> _How to complete this task_:
In the entries that follow, repeat exactly the lines from the one that has "this 1620×1080 image." through the one that has "this 1920×1080 image.", but omit pictures.

> _Dataset_:
= = = =

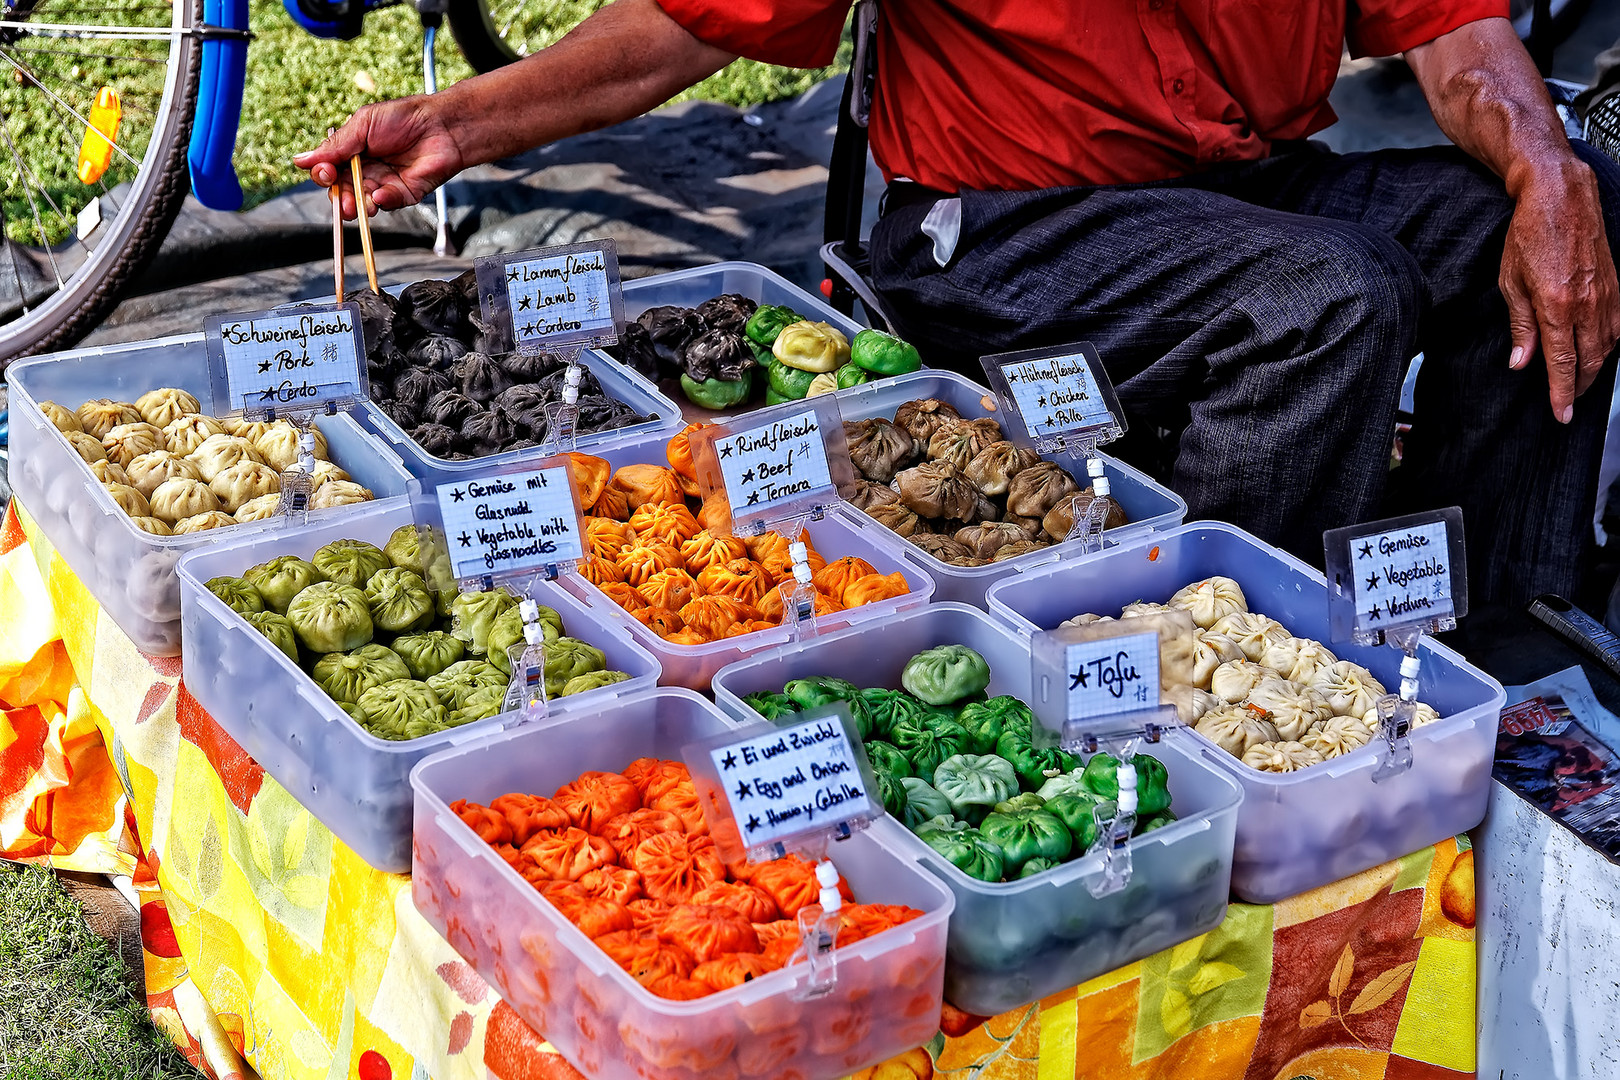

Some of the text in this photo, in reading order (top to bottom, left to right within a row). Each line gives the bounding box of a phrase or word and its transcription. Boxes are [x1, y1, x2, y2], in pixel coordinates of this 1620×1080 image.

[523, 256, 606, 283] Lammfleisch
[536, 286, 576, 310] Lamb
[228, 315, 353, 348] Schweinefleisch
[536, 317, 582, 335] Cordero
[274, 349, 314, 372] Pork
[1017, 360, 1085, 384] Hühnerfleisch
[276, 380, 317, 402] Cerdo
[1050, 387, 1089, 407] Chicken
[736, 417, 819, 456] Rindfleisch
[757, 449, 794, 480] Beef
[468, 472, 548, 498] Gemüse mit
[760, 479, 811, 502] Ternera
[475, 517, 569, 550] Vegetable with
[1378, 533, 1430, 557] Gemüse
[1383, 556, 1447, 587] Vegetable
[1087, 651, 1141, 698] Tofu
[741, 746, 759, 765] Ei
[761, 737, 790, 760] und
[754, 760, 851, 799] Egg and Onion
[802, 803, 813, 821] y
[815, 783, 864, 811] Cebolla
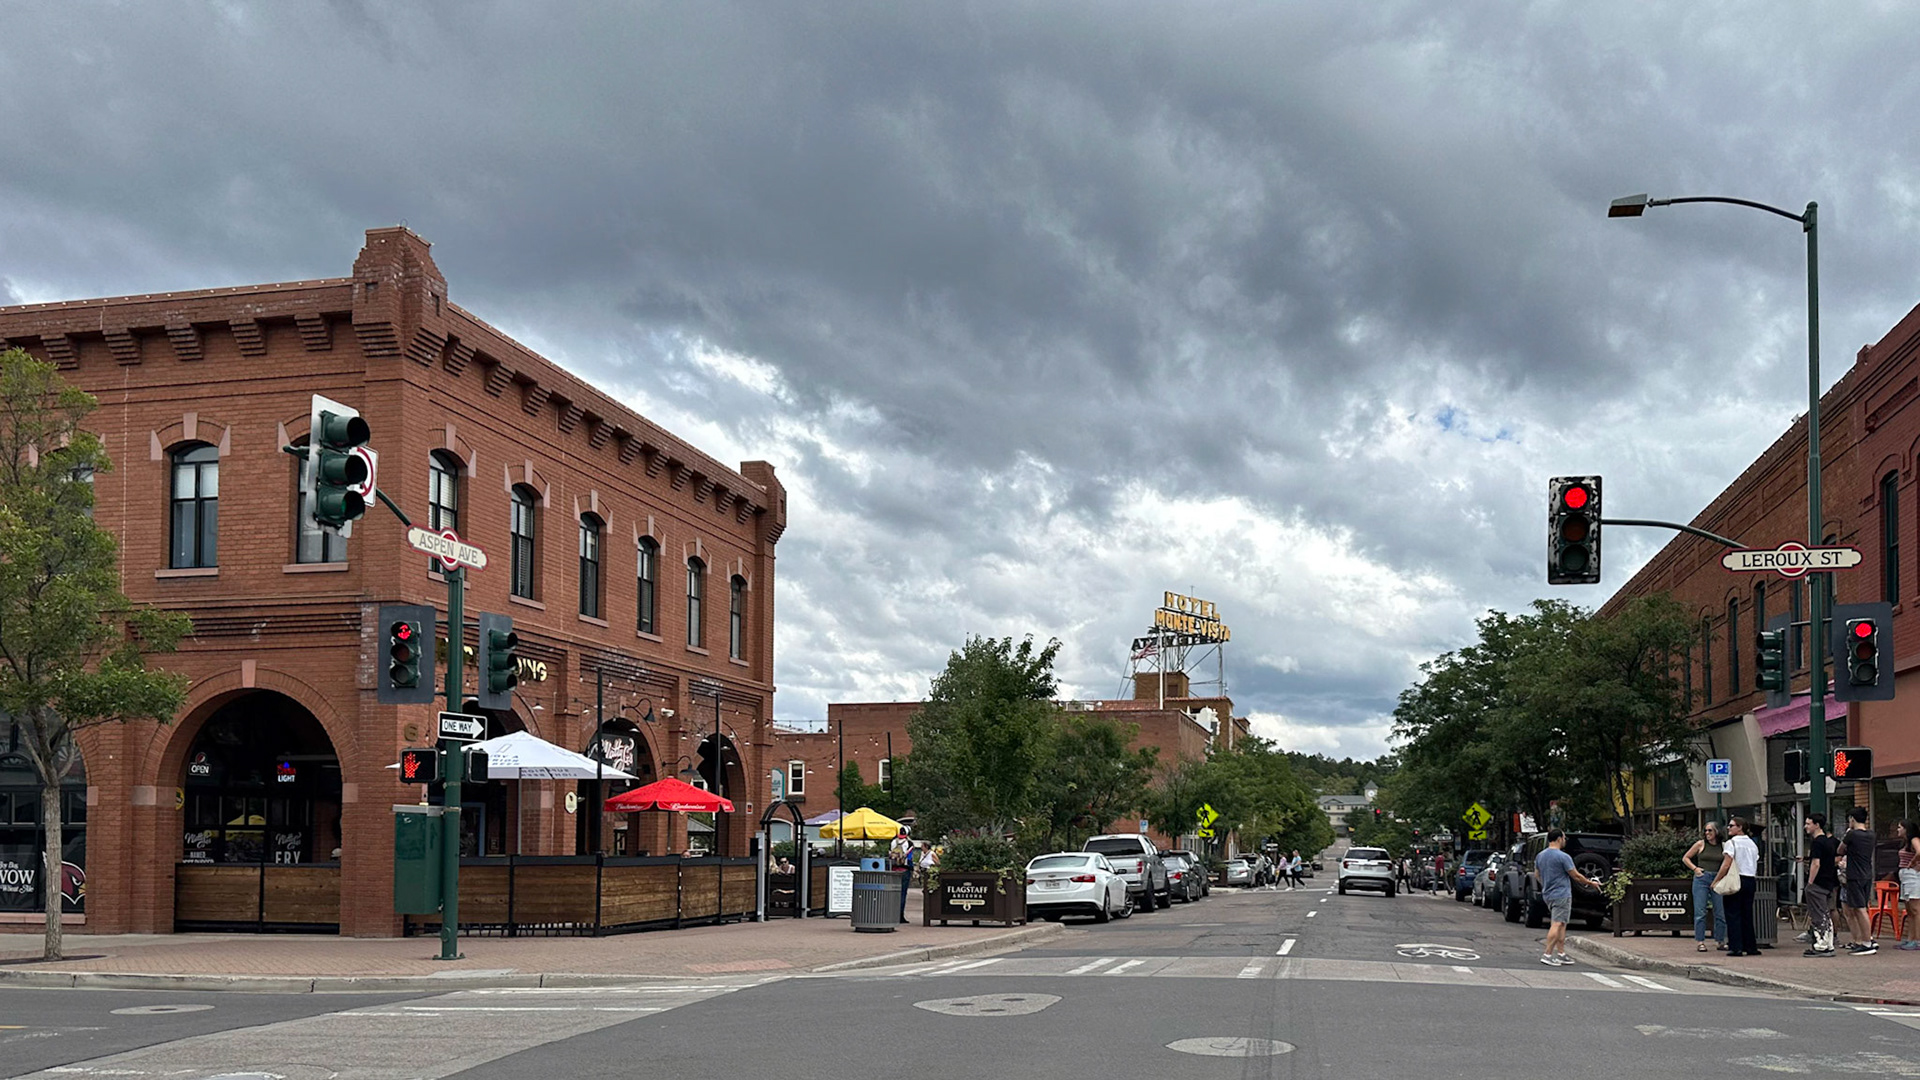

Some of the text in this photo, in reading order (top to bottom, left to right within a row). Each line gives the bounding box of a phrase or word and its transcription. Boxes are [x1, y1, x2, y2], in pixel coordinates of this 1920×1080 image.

= = = =

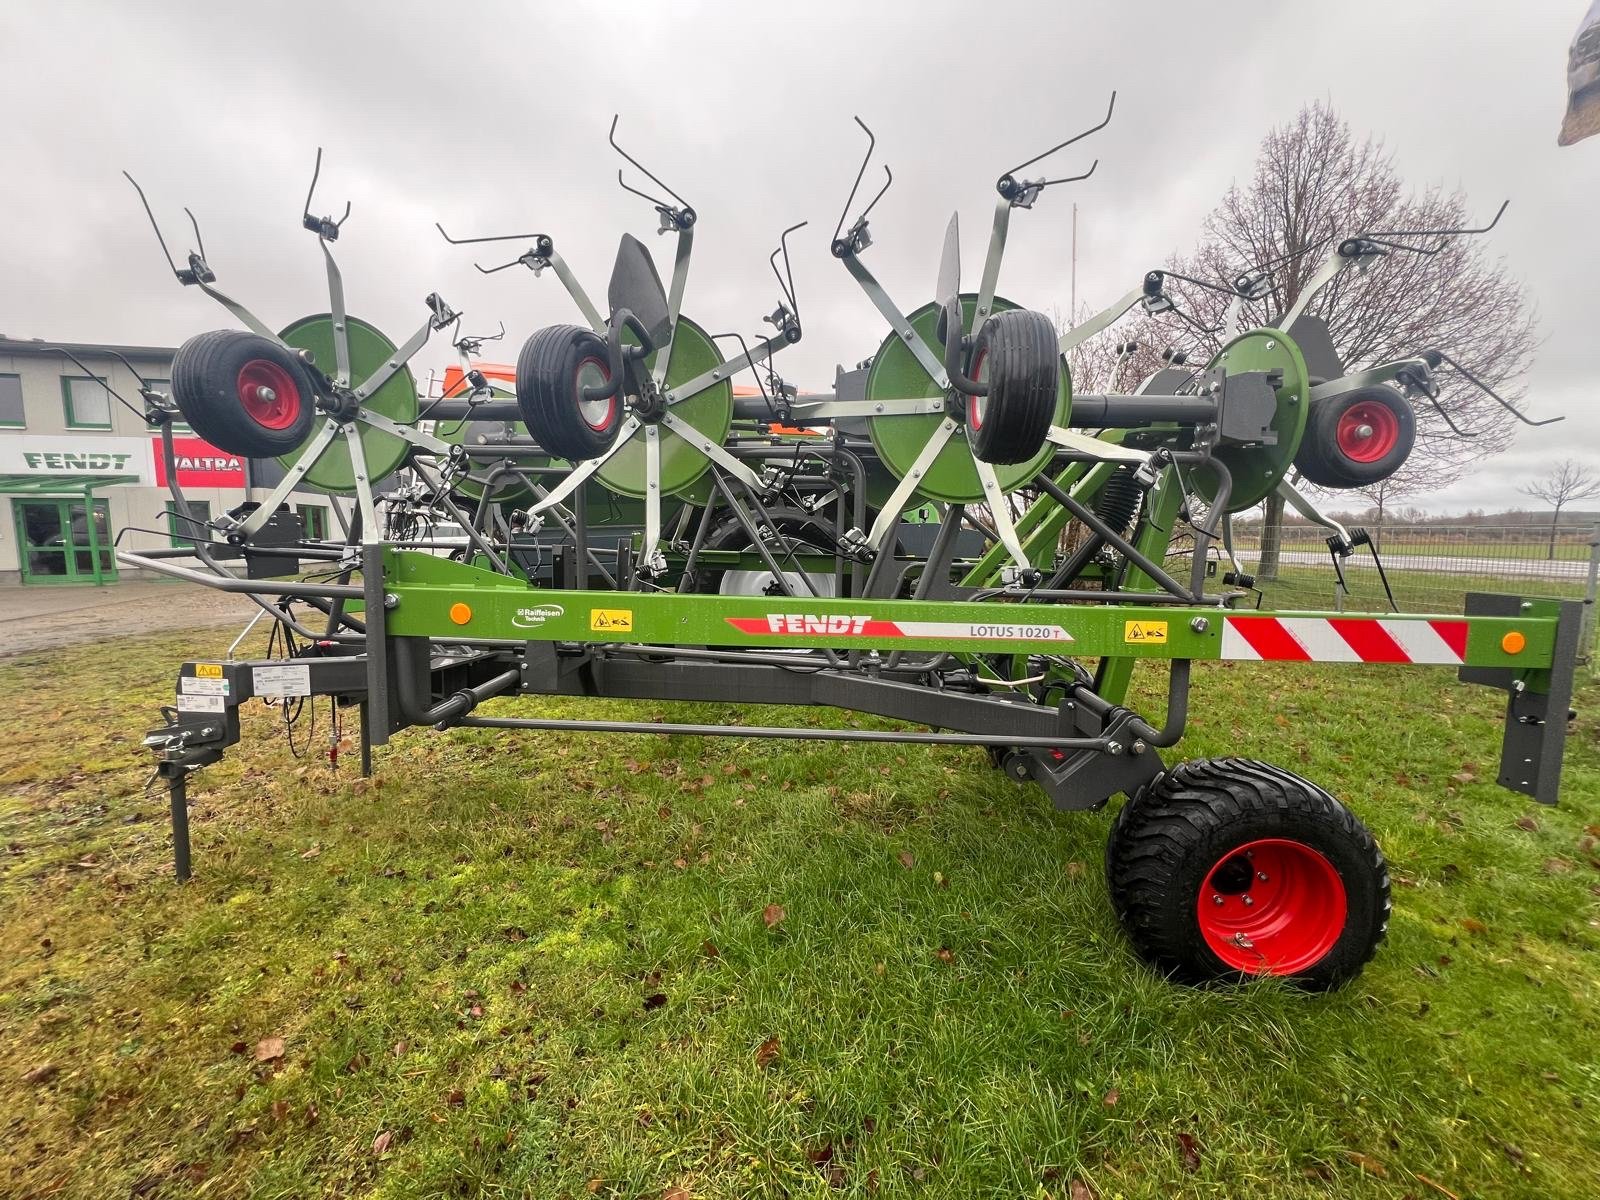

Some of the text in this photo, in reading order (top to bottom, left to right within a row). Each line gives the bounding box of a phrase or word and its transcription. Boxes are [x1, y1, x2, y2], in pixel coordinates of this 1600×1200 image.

= = = =

> _Response to the exercise_:
Some of the text in this photo, in reading order (top to bottom, left to right within a row). Each line gives the bounding box of a phrase or word and its transcription. Boxes are [x1, y1, x2, y2], in pixel coordinates of this 1620×1080 image.

[523, 256, 606, 283] Lammfleisch
[536, 286, 576, 310] Lamb
[228, 315, 353, 348] Schweinefleisch
[536, 317, 582, 335] Cordero
[274, 349, 314, 372] Pork
[1017, 360, 1085, 384] Hühnerfleisch
[276, 380, 317, 402] Cerdo
[1050, 387, 1089, 407] Chicken
[736, 417, 819, 456] Rindfleisch
[757, 449, 794, 480] Beef
[468, 472, 548, 498] Gemüse mit
[760, 479, 811, 502] Ternera
[475, 517, 569, 550] Vegetable with
[1378, 533, 1430, 557] Gemüse
[1383, 556, 1447, 587] Vegetable
[1087, 651, 1141, 698] Tofu
[741, 746, 759, 765] Ei
[761, 737, 790, 760] und
[754, 760, 851, 799] Egg and Onion
[802, 803, 813, 821] y
[815, 783, 864, 811] Cebolla

Some of the text in this photo, in reading order (top to bottom, left to right within a row). Each line gives the bounding box of a phrase or word and its transcription. Boxes are [x1, y1, x2, y2], in pixel coordinates of this 1920×1080 image.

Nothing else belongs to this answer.